**Task input:**
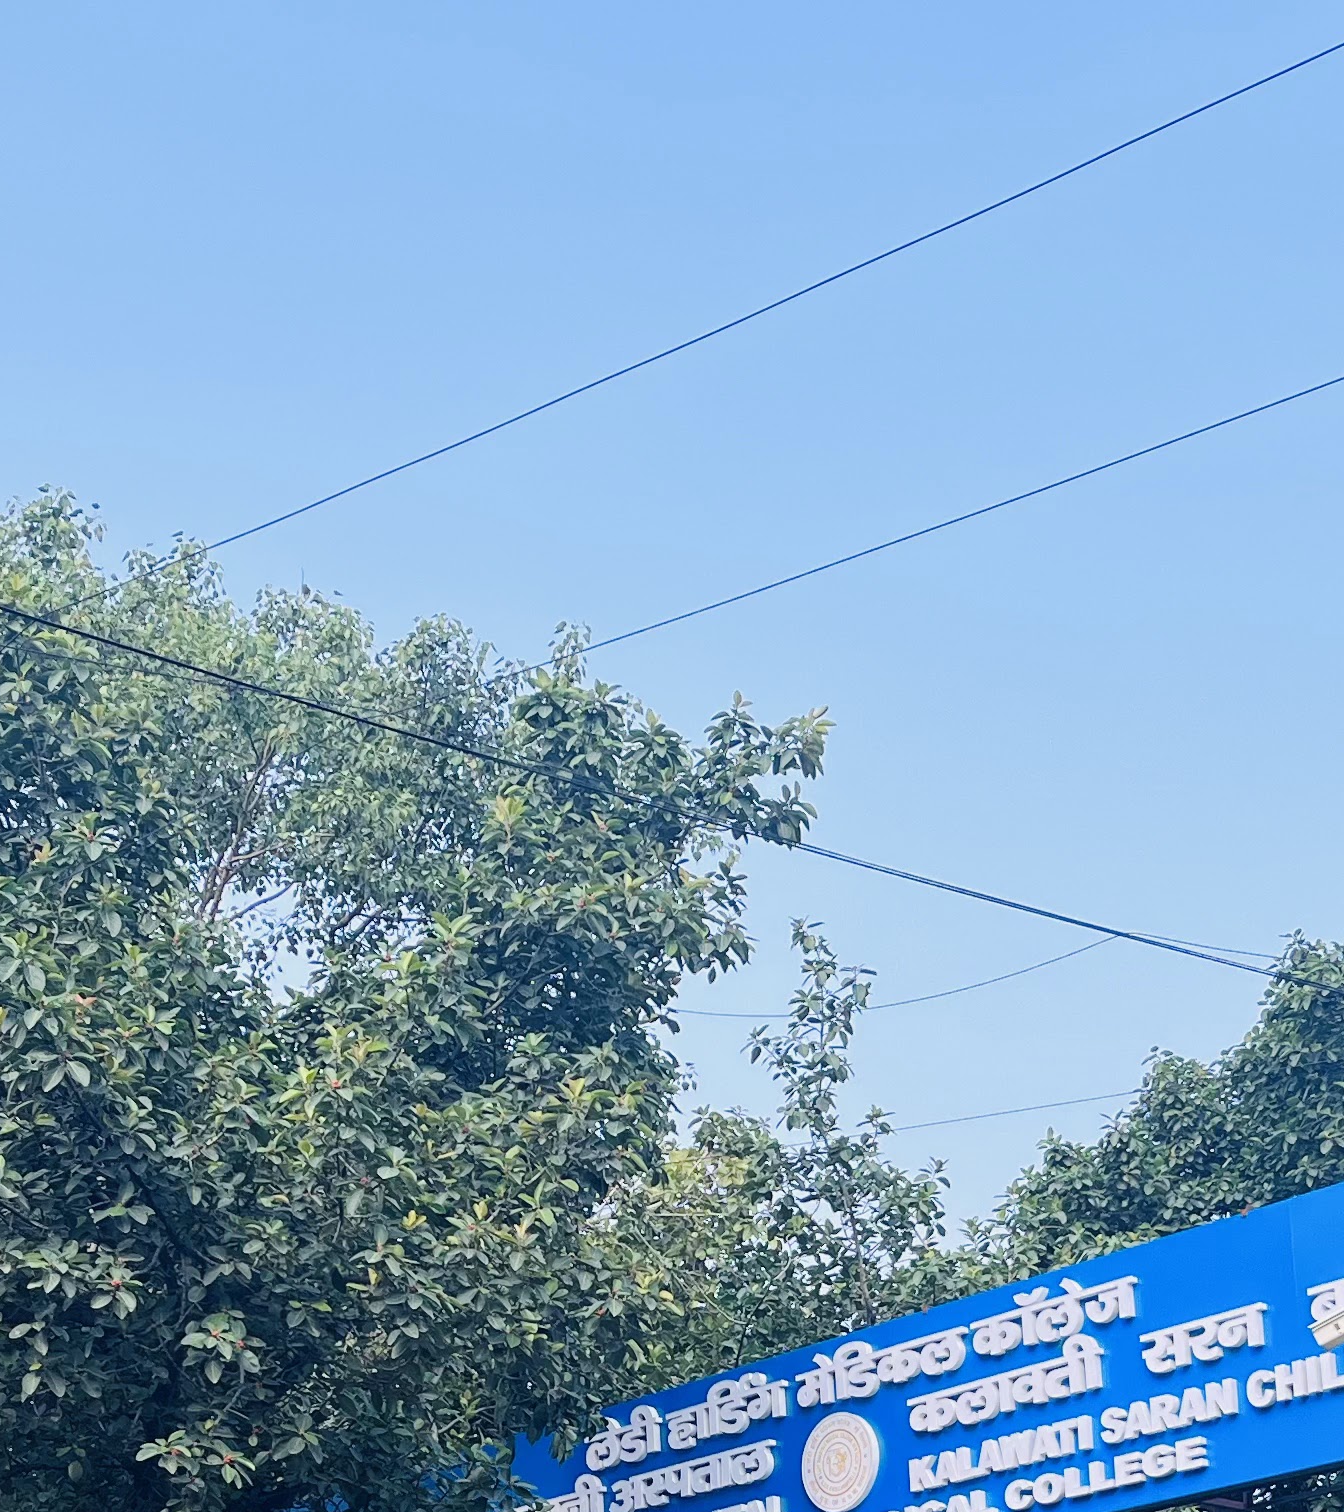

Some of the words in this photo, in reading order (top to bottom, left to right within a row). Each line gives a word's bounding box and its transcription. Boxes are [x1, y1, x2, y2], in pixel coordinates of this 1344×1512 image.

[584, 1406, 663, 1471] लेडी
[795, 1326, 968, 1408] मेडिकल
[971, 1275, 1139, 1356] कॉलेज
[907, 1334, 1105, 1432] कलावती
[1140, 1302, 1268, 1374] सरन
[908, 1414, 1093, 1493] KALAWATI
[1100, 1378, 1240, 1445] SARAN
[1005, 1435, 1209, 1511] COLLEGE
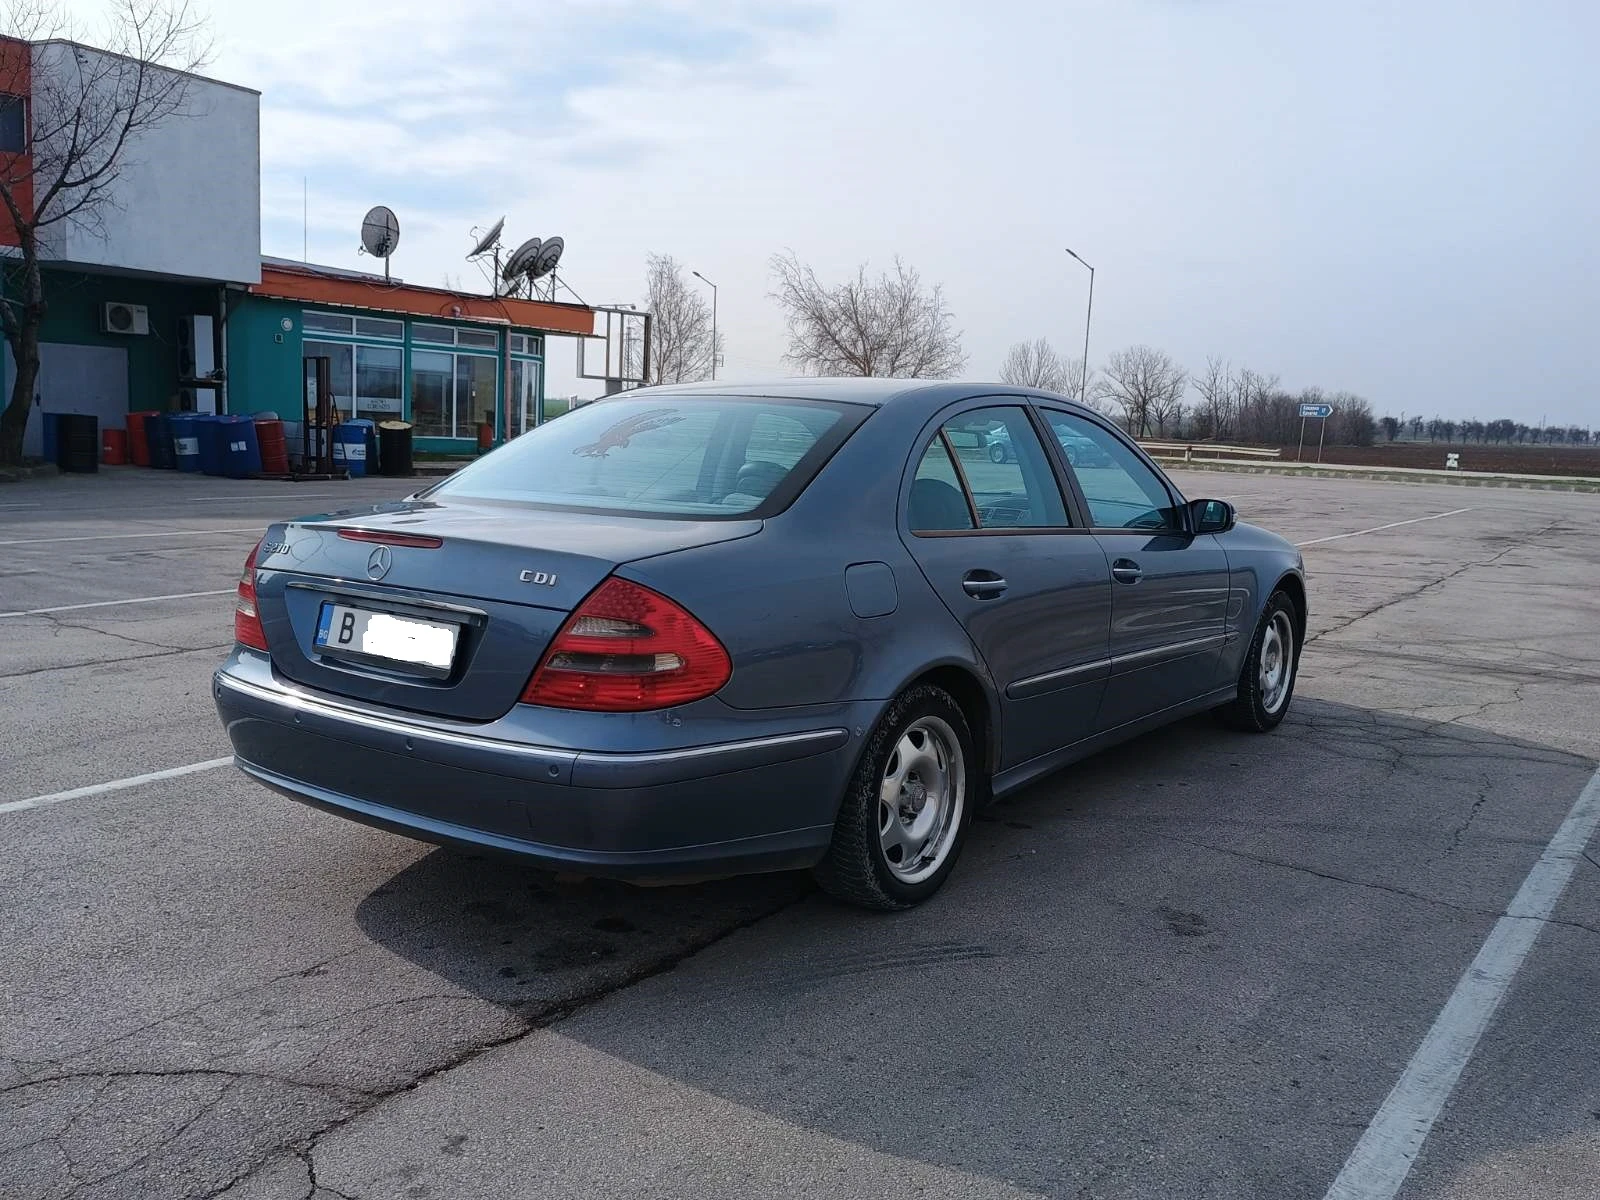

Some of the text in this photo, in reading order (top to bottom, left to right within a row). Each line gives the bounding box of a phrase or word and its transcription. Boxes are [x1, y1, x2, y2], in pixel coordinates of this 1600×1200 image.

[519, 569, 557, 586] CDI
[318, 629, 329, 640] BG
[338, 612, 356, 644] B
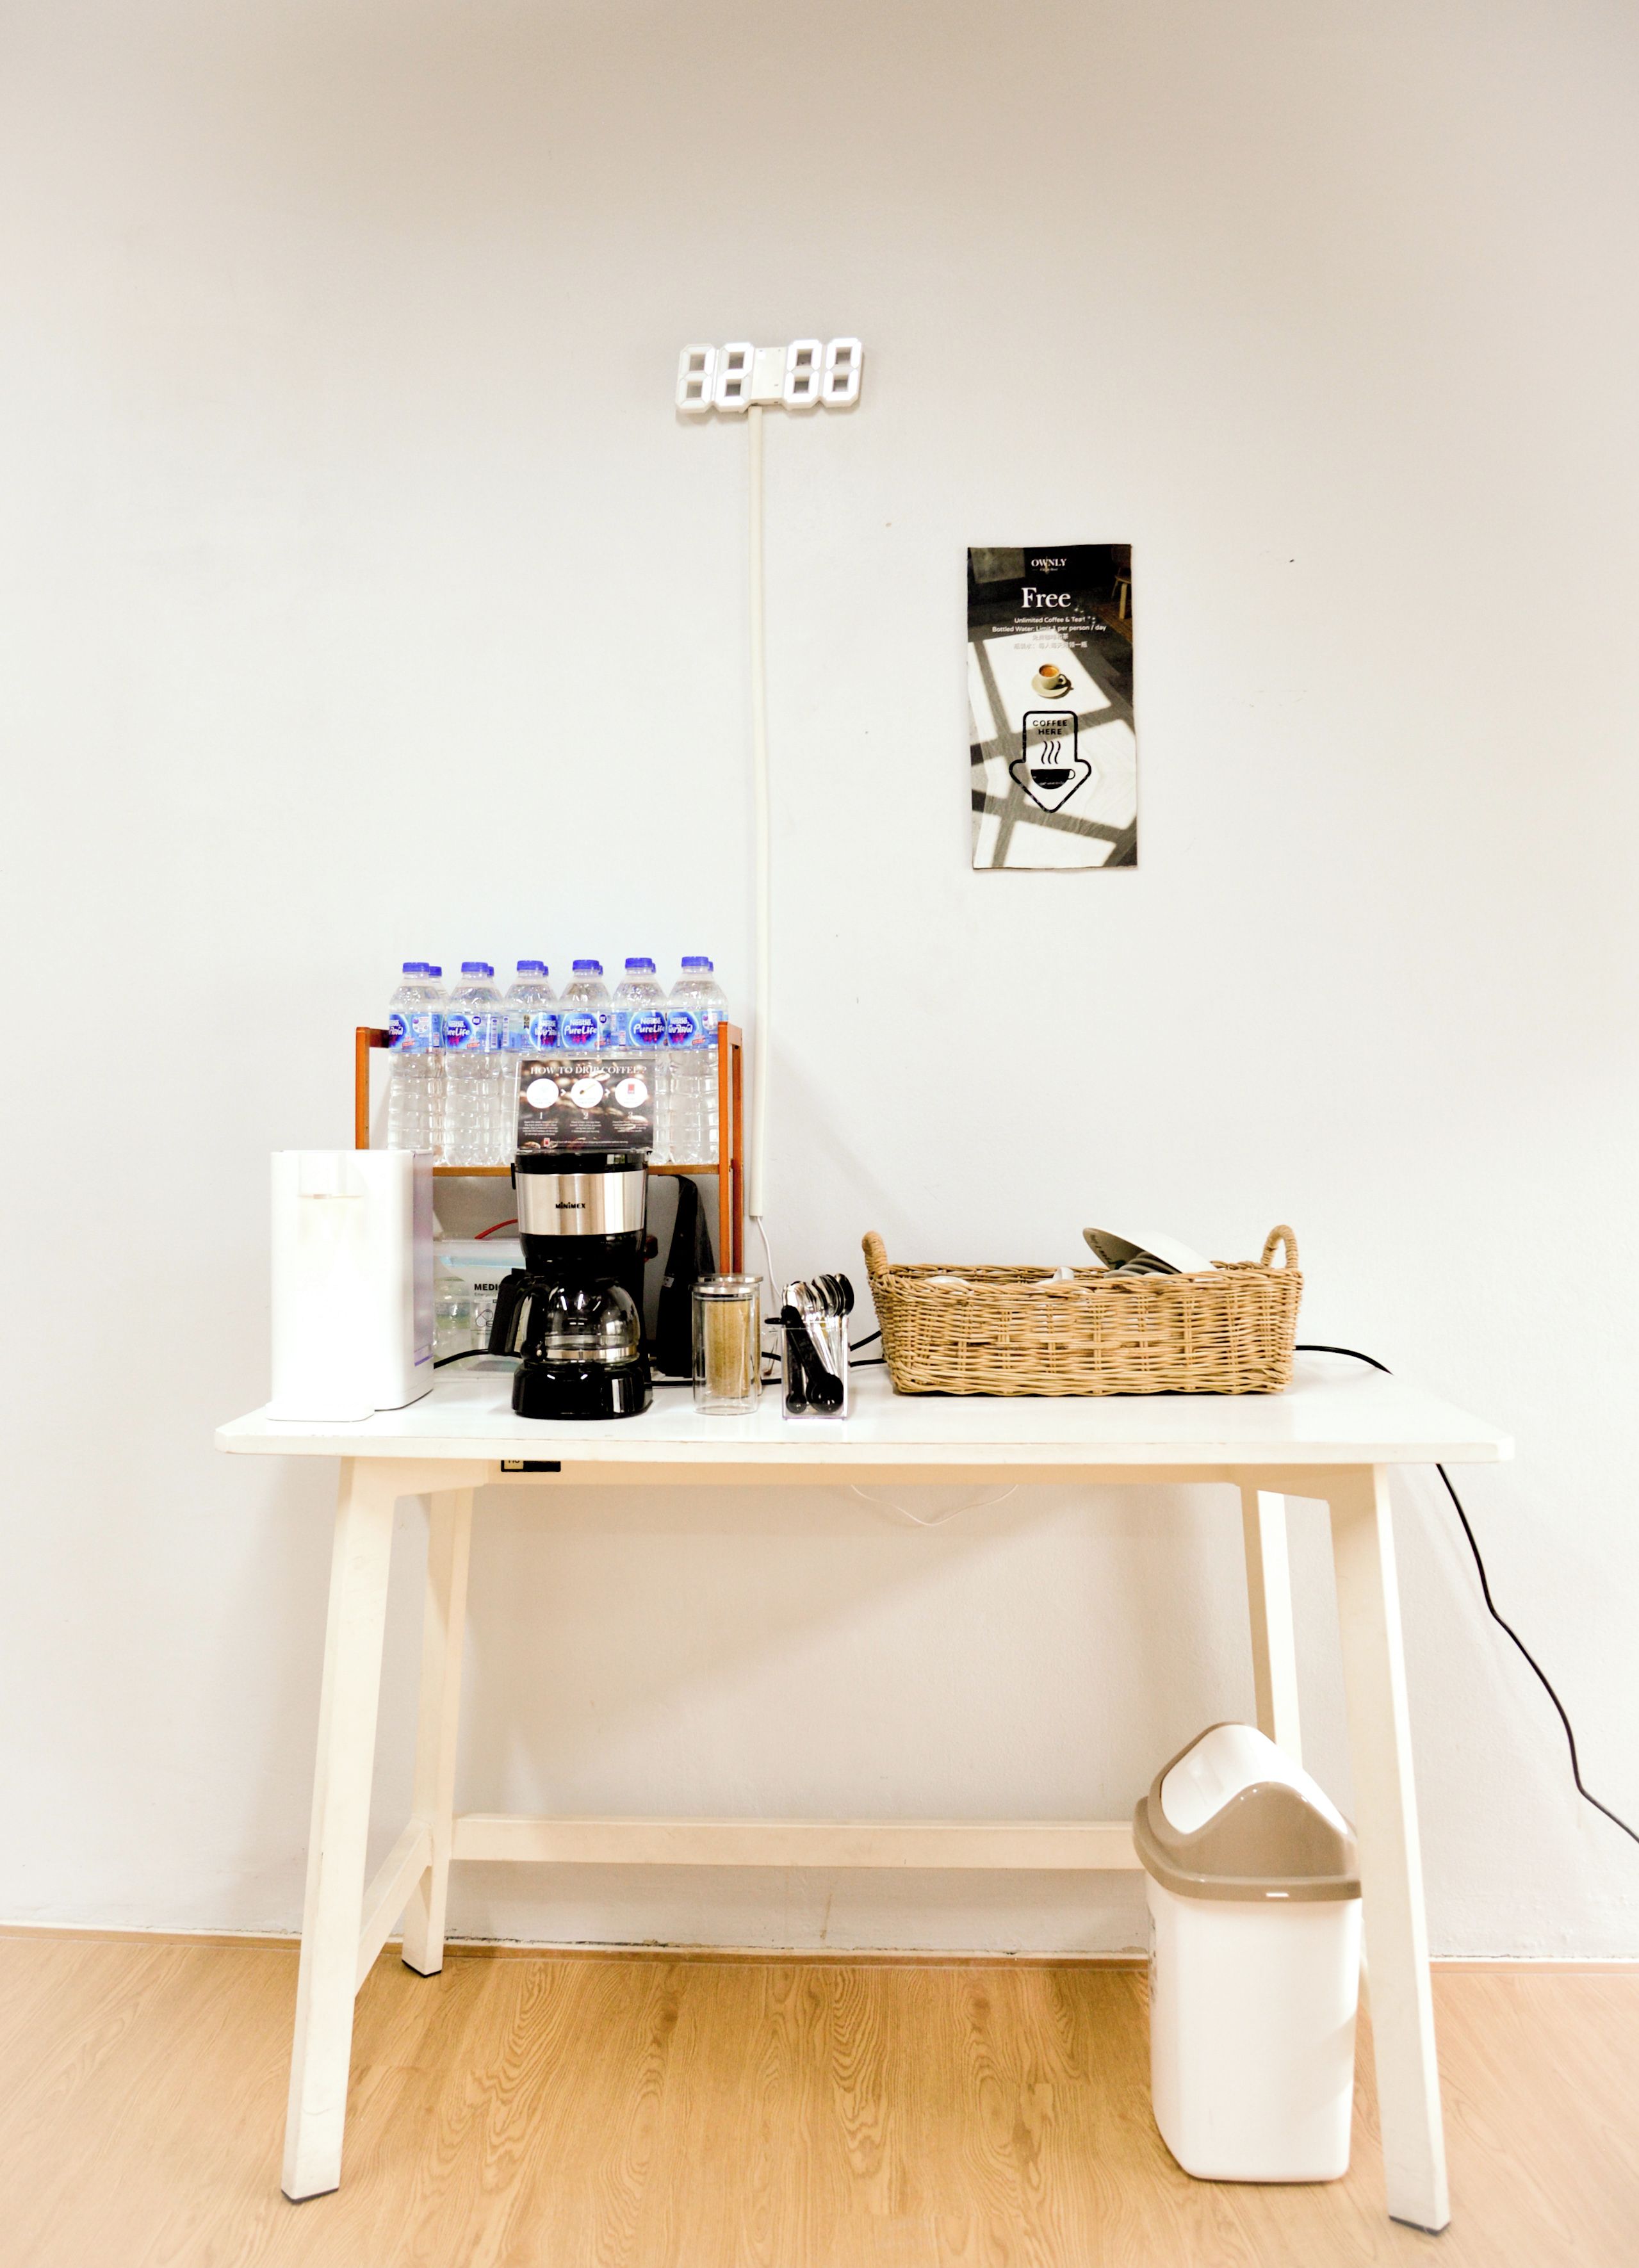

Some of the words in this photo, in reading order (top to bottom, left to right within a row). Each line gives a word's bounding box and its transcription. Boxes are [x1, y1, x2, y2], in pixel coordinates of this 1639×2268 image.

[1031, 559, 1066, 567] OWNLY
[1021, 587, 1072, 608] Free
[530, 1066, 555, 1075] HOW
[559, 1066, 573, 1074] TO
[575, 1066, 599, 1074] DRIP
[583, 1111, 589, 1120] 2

**Exercise description:** From the first line to the last, copy the listing above exactly and leave out the images.

**Exercise answer:**
Some of the words in this photo, in reading order (top to bottom, left to right within a row). Each line gives a word's bounding box and its transcription. Boxes are [x1, y1, x2, y2], in pixel coordinates of this 1344×1512 image.

[584, 1406, 663, 1471] लेडी
[795, 1326, 968, 1408] मेडिकल
[971, 1275, 1139, 1356] कॉलेज
[907, 1334, 1105, 1432] कलावती
[1140, 1302, 1268, 1374] सरन
[908, 1414, 1093, 1493] KALAWATI
[1100, 1378, 1240, 1445] SARAN
[1005, 1435, 1209, 1511] COLLEGE

Some of the text in this photo, in reading order (top to bottom, left to right within a row). Each line gives the bounding box of a phrase or word and its transcription. Boxes are [x1, y1, x2, y2], in pixel coordinates of this 1600×1200 image.

[519, 569, 557, 586] CDI
[318, 629, 329, 640] BG
[338, 612, 356, 644] B

Some of the words in this photo, in reading order (top to bottom, left to right within a row). Each line gives a word's bounding box and its transcription. Boxes are [x1, y1, x2, y2], in pixel coordinates of this 1639×2268 image.

[1031, 559, 1066, 567] OWNLY
[1021, 587, 1072, 608] Free
[530, 1066, 555, 1075] HOW
[559, 1066, 573, 1074] TO
[575, 1066, 599, 1074] DRIP
[583, 1111, 589, 1120] 2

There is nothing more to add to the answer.